Description of the task:
For this exercise, please transcribe exactly and only the lines from the one containing "Some of the text" through the end of the material, both ends included, without pictures.
____
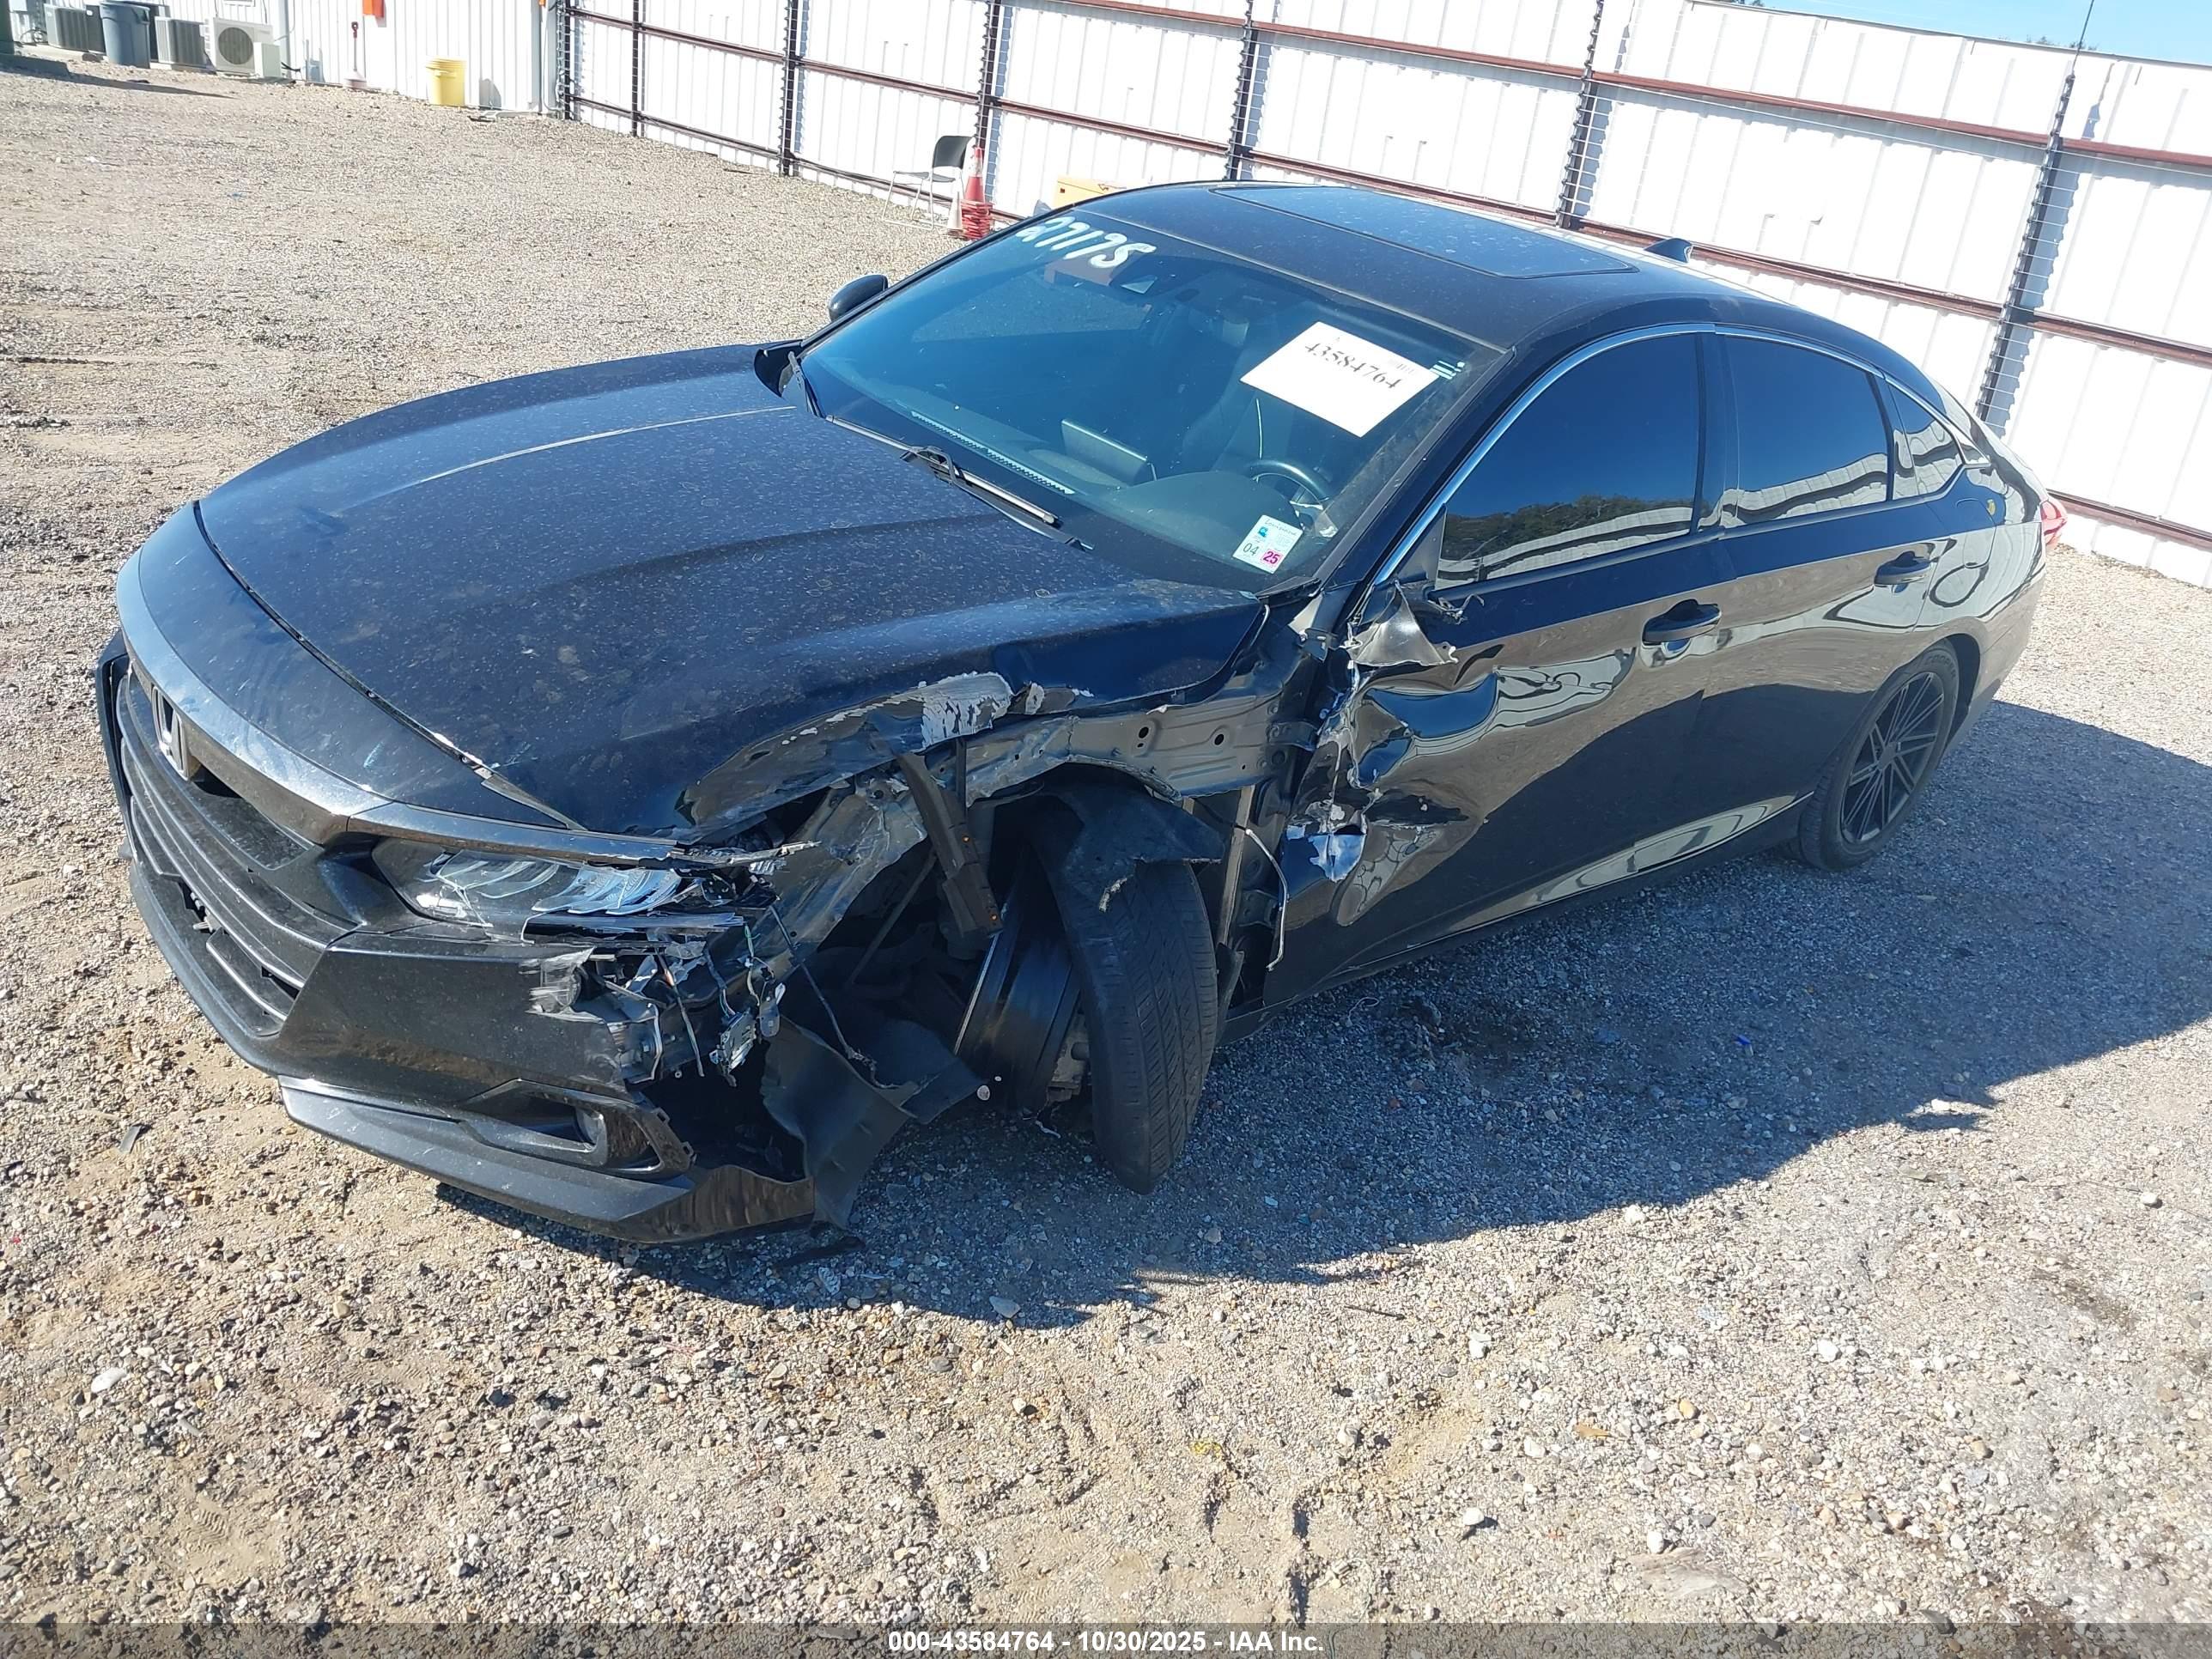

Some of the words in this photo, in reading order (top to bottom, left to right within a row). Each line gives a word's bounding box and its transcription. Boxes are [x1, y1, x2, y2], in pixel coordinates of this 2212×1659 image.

[1305, 343, 1401, 389] 43584764
[1243, 543, 1259, 556] 04
[1263, 550, 1280, 564] 25
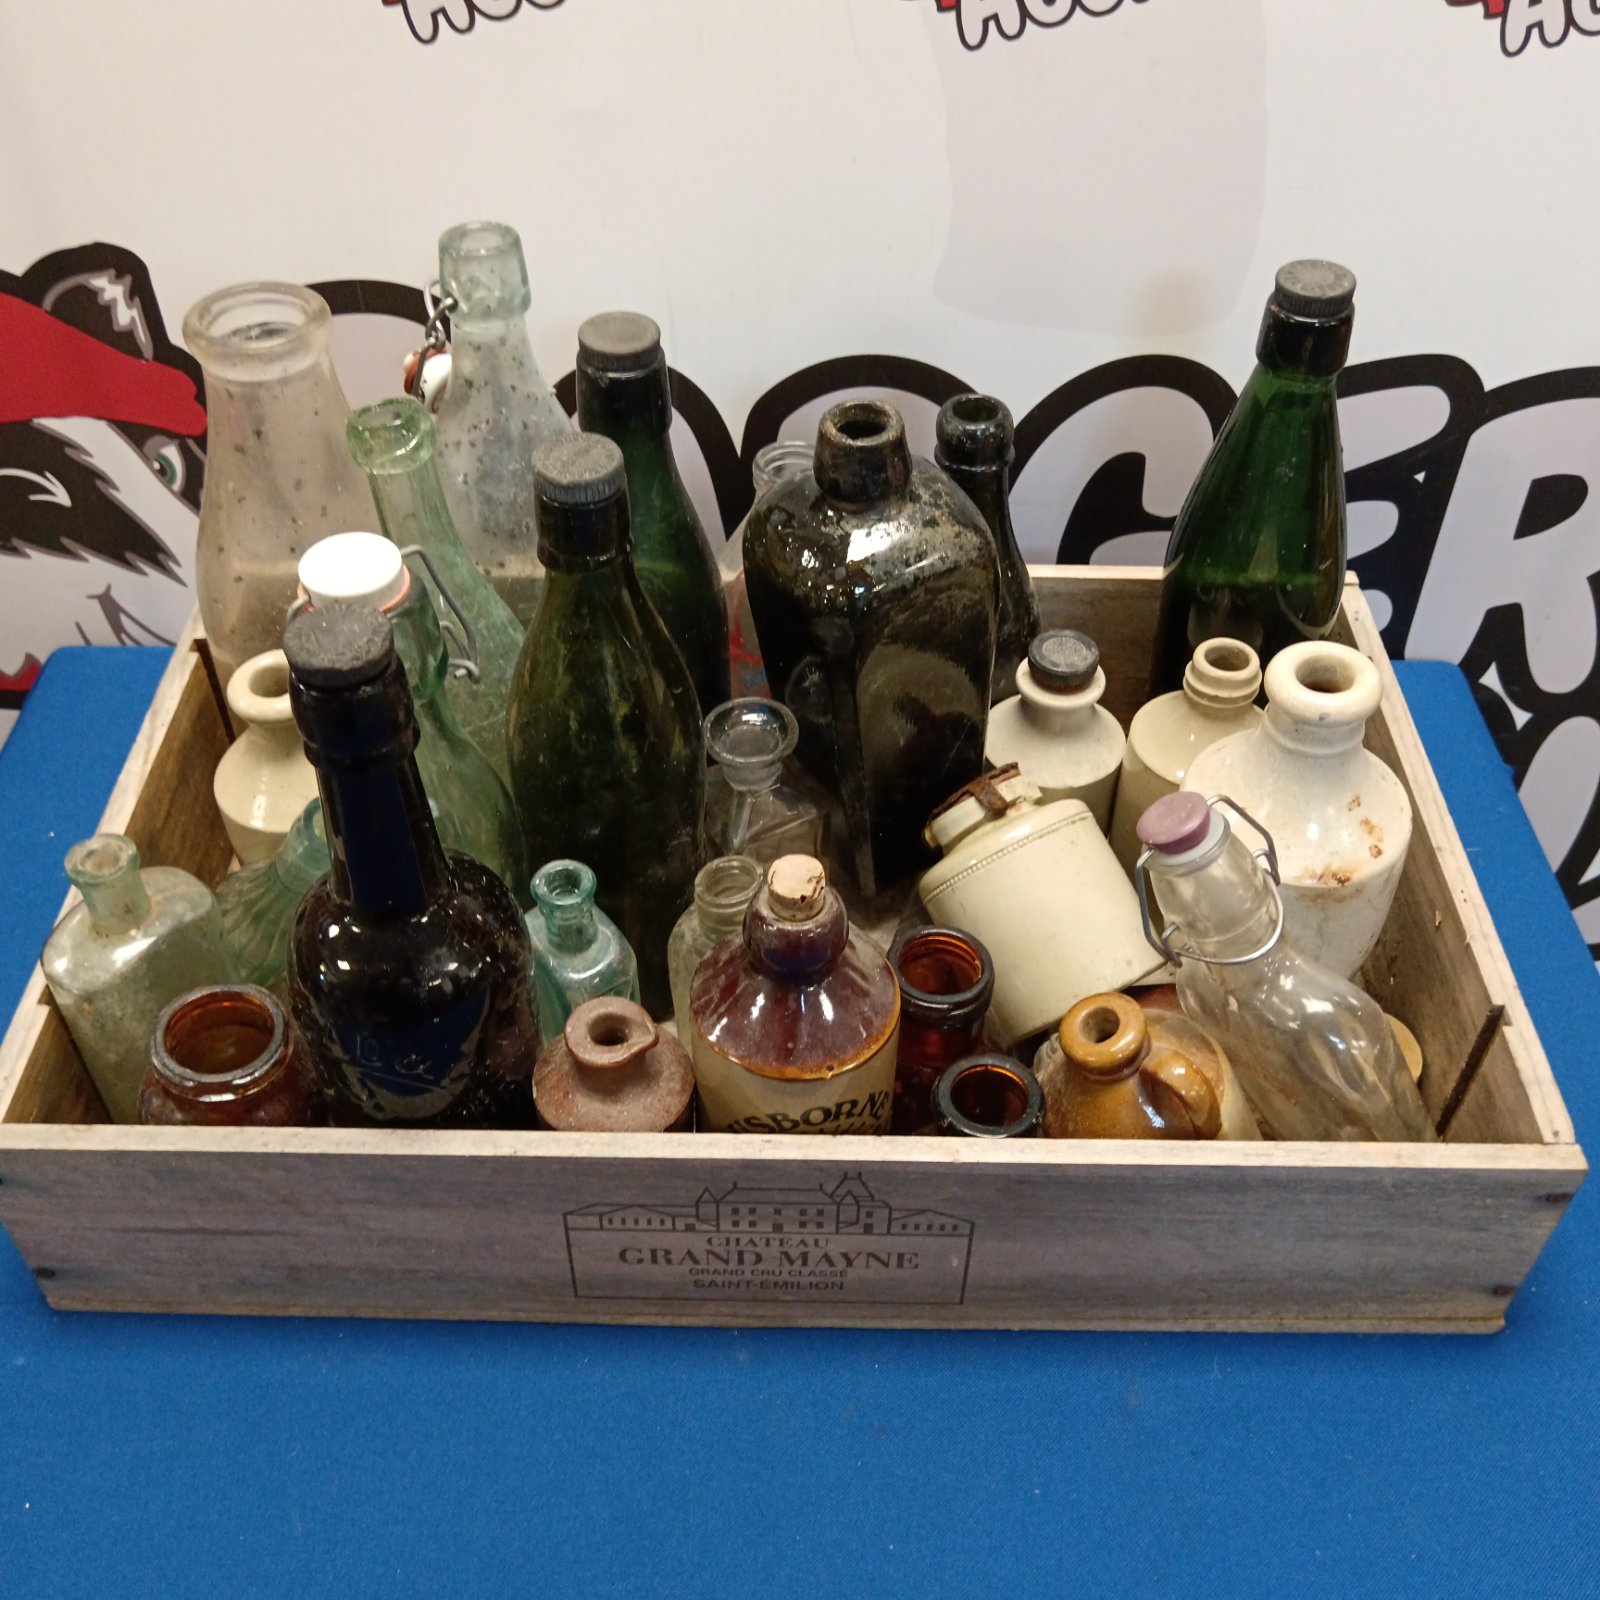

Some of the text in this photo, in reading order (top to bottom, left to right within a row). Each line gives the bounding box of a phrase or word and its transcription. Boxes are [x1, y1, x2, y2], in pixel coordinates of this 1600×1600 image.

[706, 1235, 830, 1249] CHATEAU
[618, 1247, 920, 1270] GRAND MAYNE
[688, 1267, 745, 1277] GRAND
[750, 1268, 783, 1278] CRU
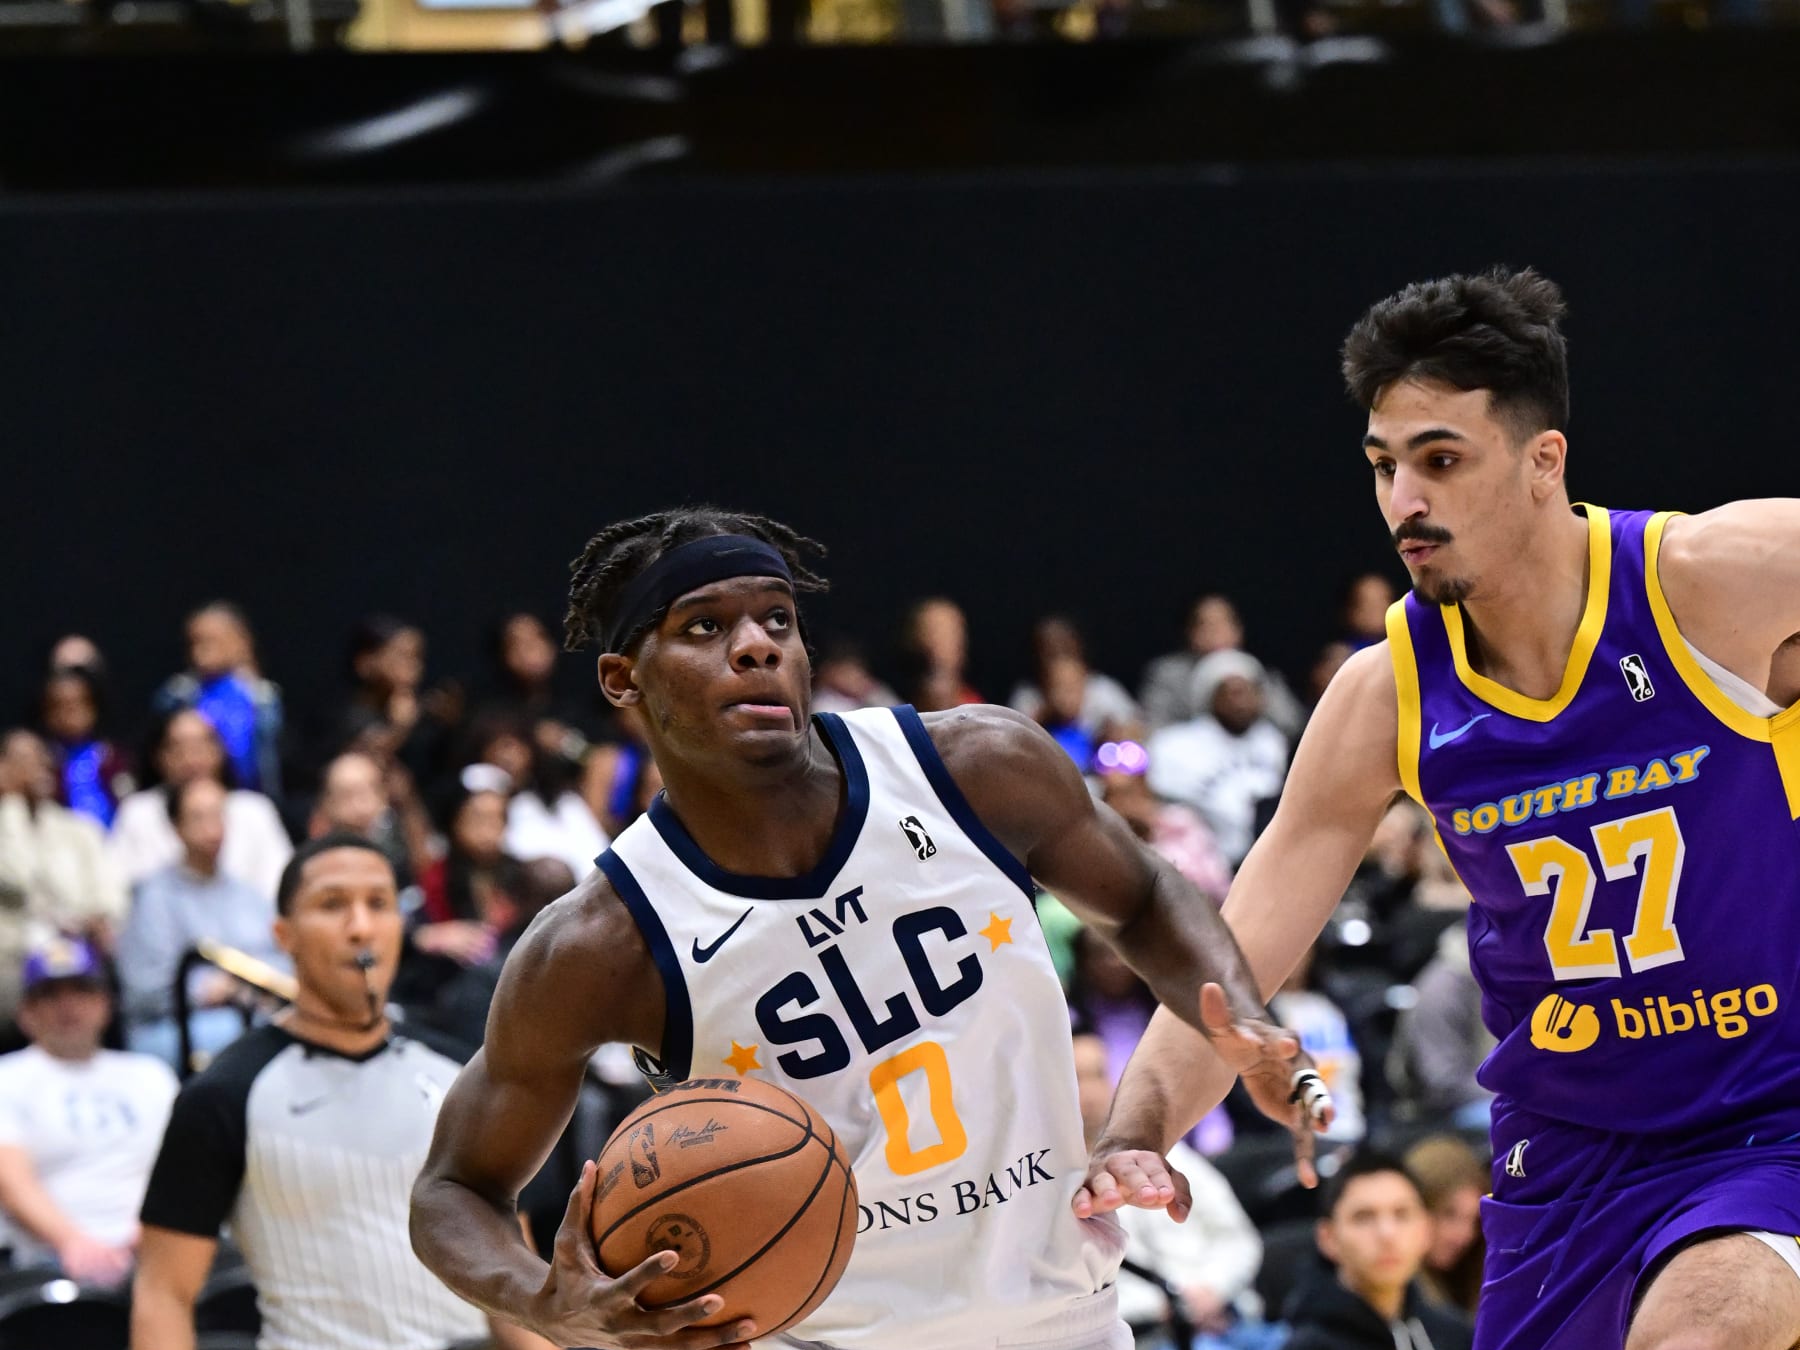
____
Exercise response:
Some of the text in this photo, in reading order (top to bottom, left to right within a row). Each line gives the bounding box of a phrase or word and its transcription. Boxes are [x1, y1, x2, y2], in pixel coordinates of this 1600×1600 image.

[706, 1235, 830, 1249] CHATEAU
[618, 1247, 920, 1270] GRAND MAYNE
[688, 1267, 745, 1277] GRAND
[750, 1268, 783, 1278] CRU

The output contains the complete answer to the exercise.